Demokrasiyi (Bizim Parti Kazanmasa da) Sevmeliyiz
31 Mayıs 2023, Çarşamba 00:11Demokrasi ; halkın egemenliği temeline dayanan yönetim biçimi. Türk Dil Kurumu sözlüğü böyle tanımlıyor. Bizim genel halimiz “demokrasiyi severiz bizim parti kazanırsa”. Zaten bizde sandığın yorumları da kendimize özgüdür, kaybeden yoktur mesela. Seçimler demokrasinin vazgeçilmezi, işimize gelince halkın tercihi baş tacı, sonucu beğenmezsek halka bin türlü küçümseyici ifade buluruz. Bir seçim dönemi daha bitti ve halkımız beş yıl daha tercihini yaptı. Yeni Meclisimizin ülkemiz için hayırlı işler gerçekleştirmesini; Cumhuriyet tarihimizde eşi görülmemiş şekilde ülke yönetimi için 21 yıl sonra da yetki alan Sn. Cumhurbaşkanımıza kolaylıklar diliyorum.

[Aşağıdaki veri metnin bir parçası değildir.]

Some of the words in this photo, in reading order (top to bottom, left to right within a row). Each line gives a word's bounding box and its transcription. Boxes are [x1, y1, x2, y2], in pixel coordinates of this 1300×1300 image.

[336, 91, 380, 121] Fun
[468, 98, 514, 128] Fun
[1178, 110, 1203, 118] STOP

Seçim dönemimiz siyasi fair playden yoksun geçti bence. İstemediğimiz taraflara siyasi linç uyguladık, yerine göre sifon çektik, yerine göre aşağıladık, tencere dibin kara siyaseti genel tarz oldu, özellikle sanal alemde yazılıp çizilenler siyasetçilerin üslubunun yanında bile çok daha ağır kaçtı. İşsiz güçsüz taifesi değil toplumda yeri olan meslek sahiplerinin bile bu dönemdeki paylaşımları toplumsal bölünmüşlüğe acil tedbir almamız gerektiğini bir kez daha ortaya koydu. Doktor bir arkadaşın bu dönemdeki çarpıtılmış, yanlı, yalanlar ansiklopedisi oluşturacak kadar seviyesiz paylaşımları mesela beni çok ürküttü, bu meslektaşımın bu ayrımcılıkla mesleğini bile tarafsız yapamayacak duruma geldiğine tanık oldum üzülerek.

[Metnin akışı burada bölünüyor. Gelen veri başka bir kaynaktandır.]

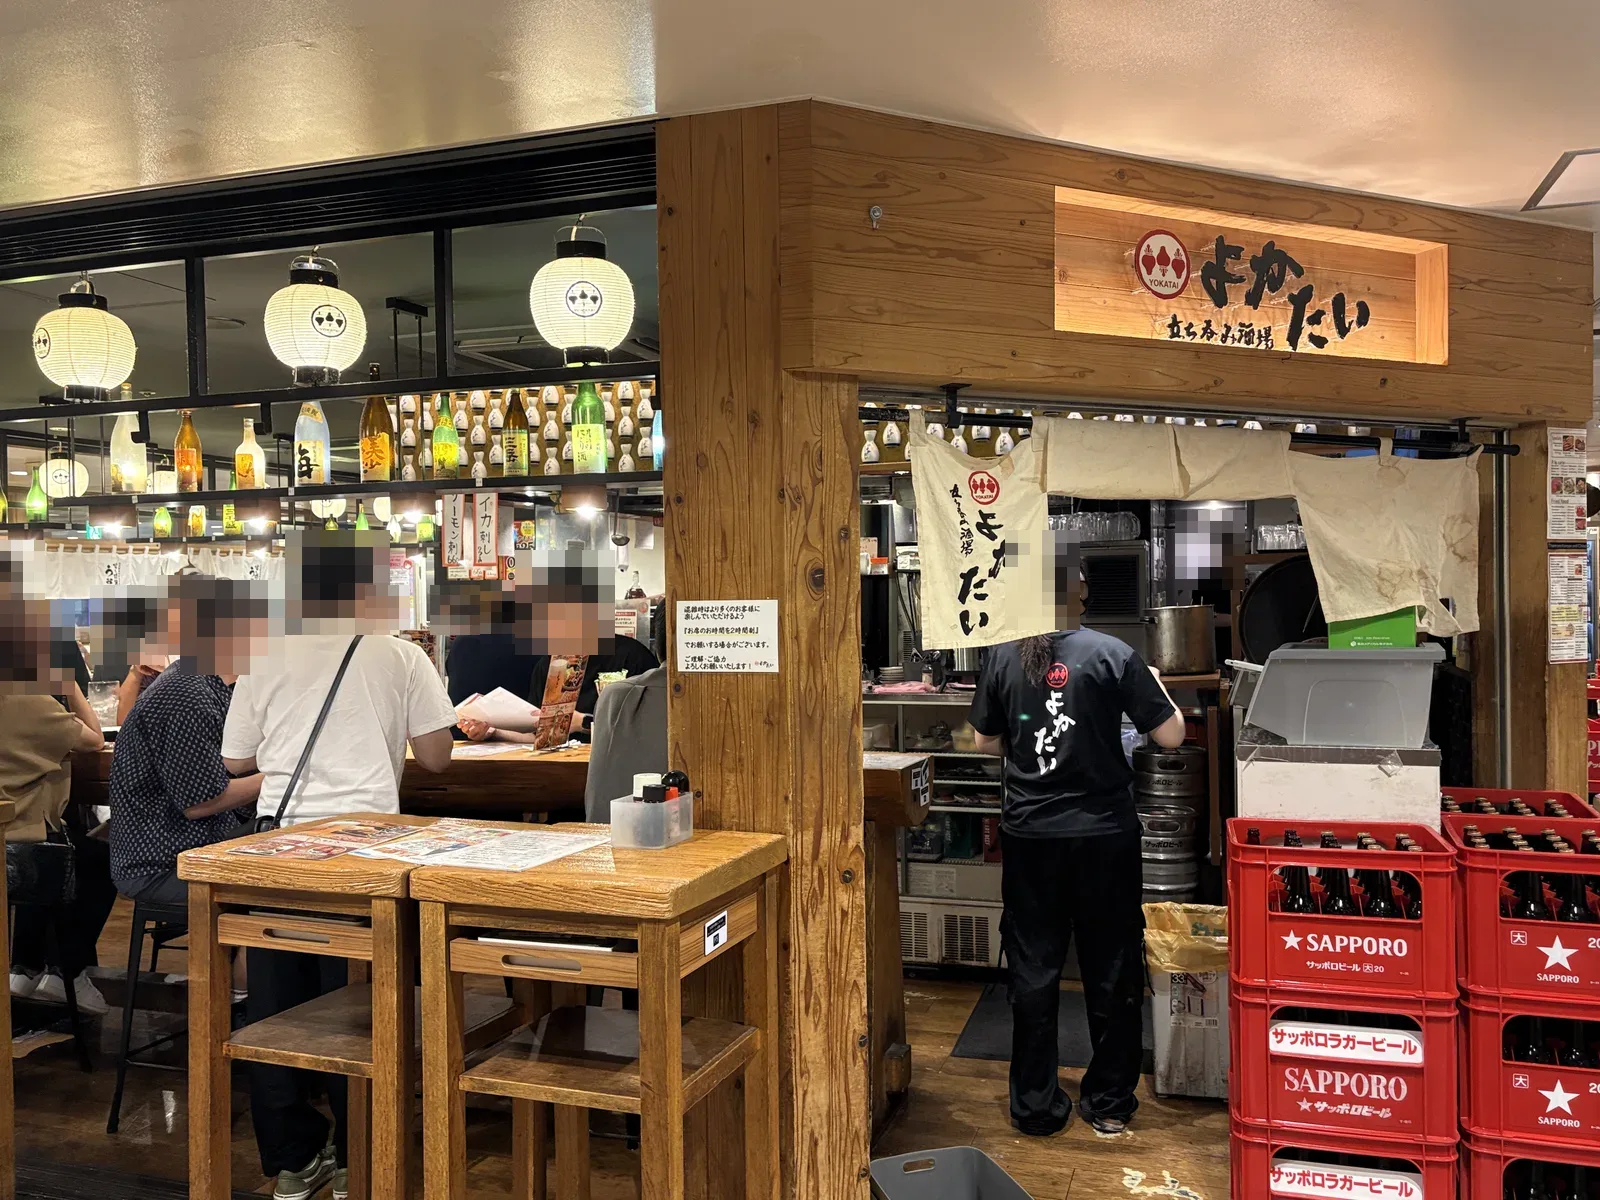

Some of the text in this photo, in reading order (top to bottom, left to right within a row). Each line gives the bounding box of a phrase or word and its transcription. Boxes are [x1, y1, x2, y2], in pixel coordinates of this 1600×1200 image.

Milletimizin en uzun süreyle yetki verdiği Sn. Cumhurbaşkanımızın bu dönemde bölünmüşlüğü önlemek adına kucaklayıcı, birleştirici rol almasının zorunlu olduğunu düşünüyorum. Siyasi etik yasasının çıkmasına katkı sağlamasını bekliyorum. Sözünü ettiği Başkanlık sistemi revizyonunun uzlaşı ile gerçekleşmesini umuyorum. Muhalefete oy veren % 48’lik kesimin ne duygular ve hangi vaatler ışığında oy verdiğinin değerlendirmesini yapması ve muhalefet vaatlerini de gerçekleştirmesinin ülkeye ciddi hizmet olacağını düşünüyorum. Dağ gibi ülke sorunlarının çözümü için çok güçlü kadrolarla çok yoğun çalışılması gerektiği bilinciyle kolaylıklar diliyor ve sözü ettiği gibi tüm Türkiye’nin kazanmasını umut ediyorum.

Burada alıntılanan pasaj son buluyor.